[What you will do]:
Below are records to repeat exactly. Omit the pictures from the copy.

(Records drawn from a dataset)
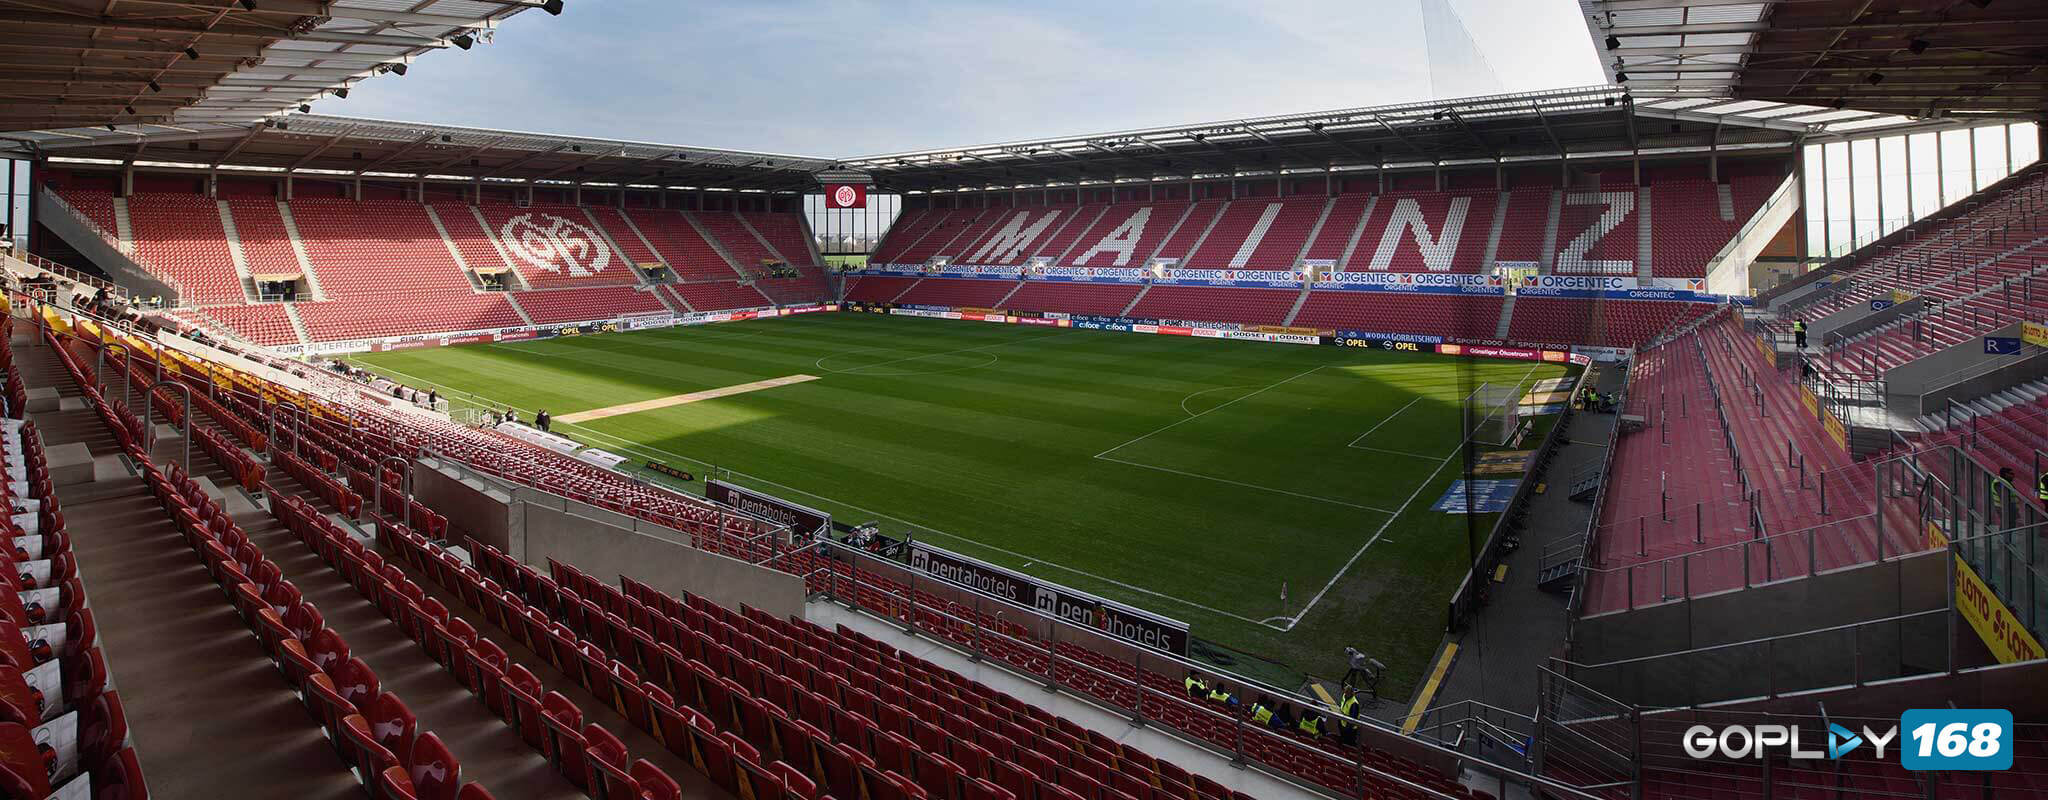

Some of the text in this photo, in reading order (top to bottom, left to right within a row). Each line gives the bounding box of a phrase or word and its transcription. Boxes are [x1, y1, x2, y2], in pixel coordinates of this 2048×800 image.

[966, 192, 1634, 273] MAINZ
[943, 265, 976, 273] ORGENTEC
[1046, 267, 1085, 275] ORGENTEC
[1096, 268, 1139, 277] ORGENTEC
[1174, 269, 1222, 279] ORGENTEC
[1237, 270, 1290, 281] ORGENTEC
[1334, 272, 1396, 283] ORGENTEC
[1415, 274, 1484, 285] ORGENTEC
[1384, 283, 1418, 291] ORGENTEC
[1542, 276, 1623, 288] ORGENTEC
[1461, 286, 1499, 294] ORGENTEC
[1520, 287, 1561, 295] ORGENTEC
[1629, 290, 1675, 299] ORGENTEC
[1364, 331, 1391, 340] WODKA
[1346, 338, 1368, 348] OPEL
[1395, 341, 1419, 351] OPEL
[1456, 337, 1480, 345] SPORT
[1987, 339, 2000, 352] R
[741, 497, 799, 528] pentahotels
[931, 559, 1017, 600] pentahotels
[1962, 573, 1990, 622] LOTTO
[1061, 600, 1170, 651] penahotels
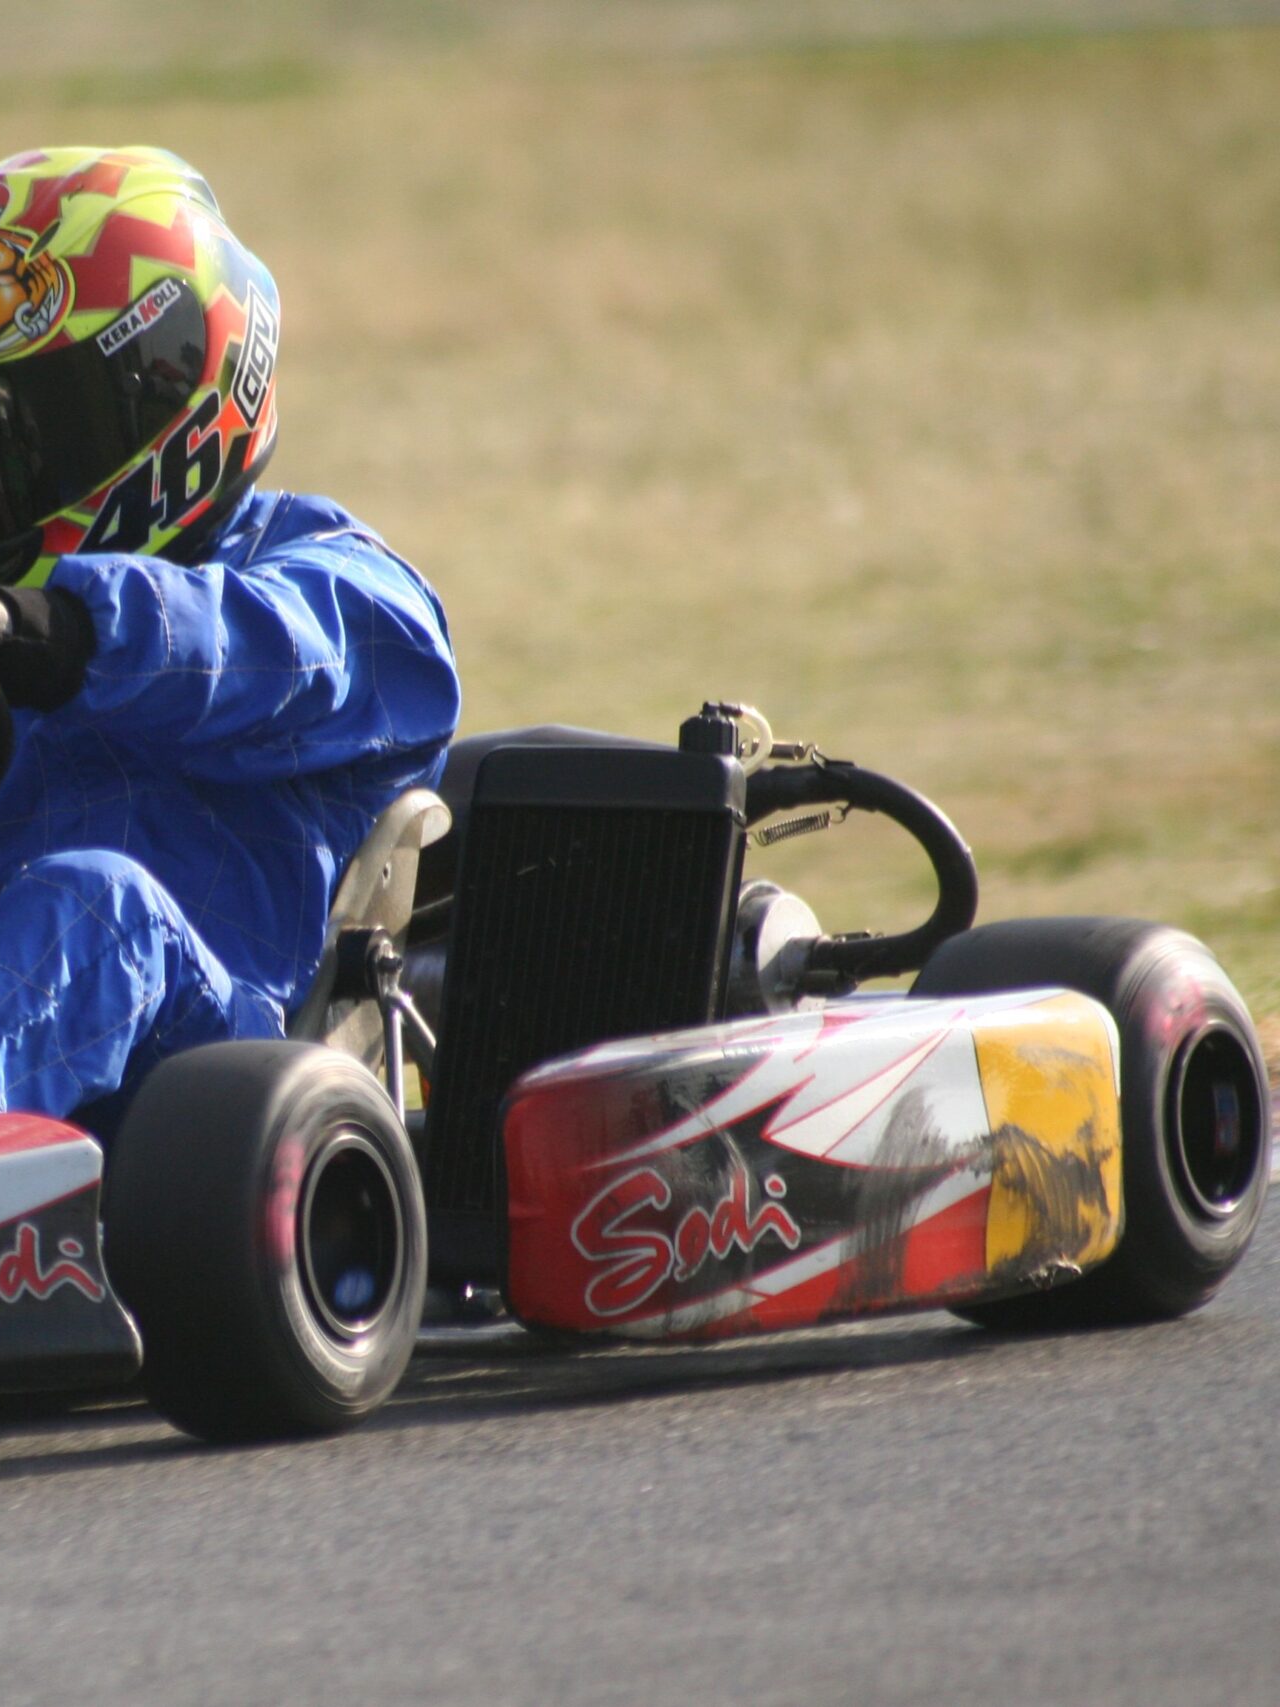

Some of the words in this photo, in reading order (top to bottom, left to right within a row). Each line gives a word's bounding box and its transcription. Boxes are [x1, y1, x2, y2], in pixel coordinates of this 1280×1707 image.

[100, 283, 178, 351] KERAKOLL
[238, 293, 277, 410] agv
[75, 388, 222, 552] 46
[570, 1166, 802, 1317] Sodi
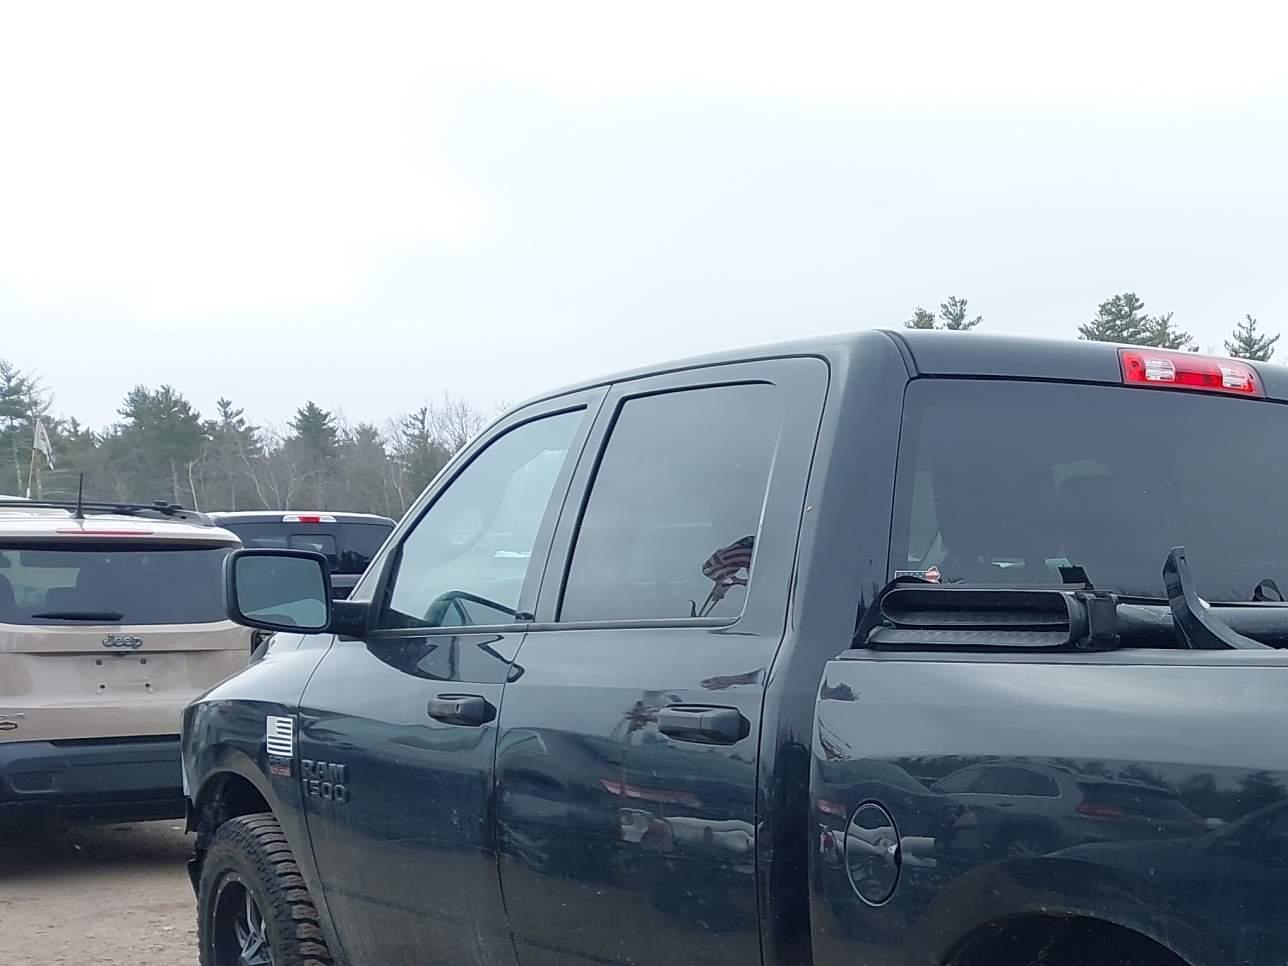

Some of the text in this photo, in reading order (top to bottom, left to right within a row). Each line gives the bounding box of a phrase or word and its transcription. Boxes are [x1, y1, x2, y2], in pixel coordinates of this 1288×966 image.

[Answer area]:
Some of the text in this photo, in reading order (top to bottom, left to right within a row). Each line gives the bounding box of a phrase or word and its transcription. Boxes are [x1, y1, x2, y2], in pixel coordinates of this 2048×800 image.

[966, 192, 1634, 273] MAINZ
[943, 265, 976, 273] ORGENTEC
[1046, 267, 1085, 275] ORGENTEC
[1096, 268, 1139, 277] ORGENTEC
[1174, 269, 1222, 279] ORGENTEC
[1237, 270, 1290, 281] ORGENTEC
[1334, 272, 1396, 283] ORGENTEC
[1415, 274, 1484, 285] ORGENTEC
[1384, 283, 1418, 291] ORGENTEC
[1542, 276, 1623, 288] ORGENTEC
[1461, 286, 1499, 294] ORGENTEC
[1520, 287, 1561, 295] ORGENTEC
[1629, 290, 1675, 299] ORGENTEC
[1364, 331, 1391, 340] WODKA
[1346, 338, 1368, 348] OPEL
[1395, 341, 1419, 351] OPEL
[1456, 337, 1480, 345] SPORT
[1987, 339, 2000, 352] R
[741, 497, 799, 528] pentahotels
[931, 559, 1017, 600] pentahotels
[1962, 573, 1990, 622] LOTTO
[1061, 600, 1170, 651] penahotels

Some of the words in this photo, in reading order (top to bottom, left to right within a row). Each line gives a word's bounding box and its transcription. Boxes are [x1, y1, x2, y2], in pixel coordinates of this 1280×1707 image.

[100, 283, 178, 351] KERAKOLL
[238, 293, 277, 410] agv
[75, 388, 222, 552] 46
[570, 1166, 802, 1317] Sodi

Some of the text in this photo, in reading order (top to bottom, left to right within a row). Each line gives the bounding box of a phrase or word and its transcription. Boxes are [x1, y1, x2, y2], in pixel coordinates of this 1288×966 image.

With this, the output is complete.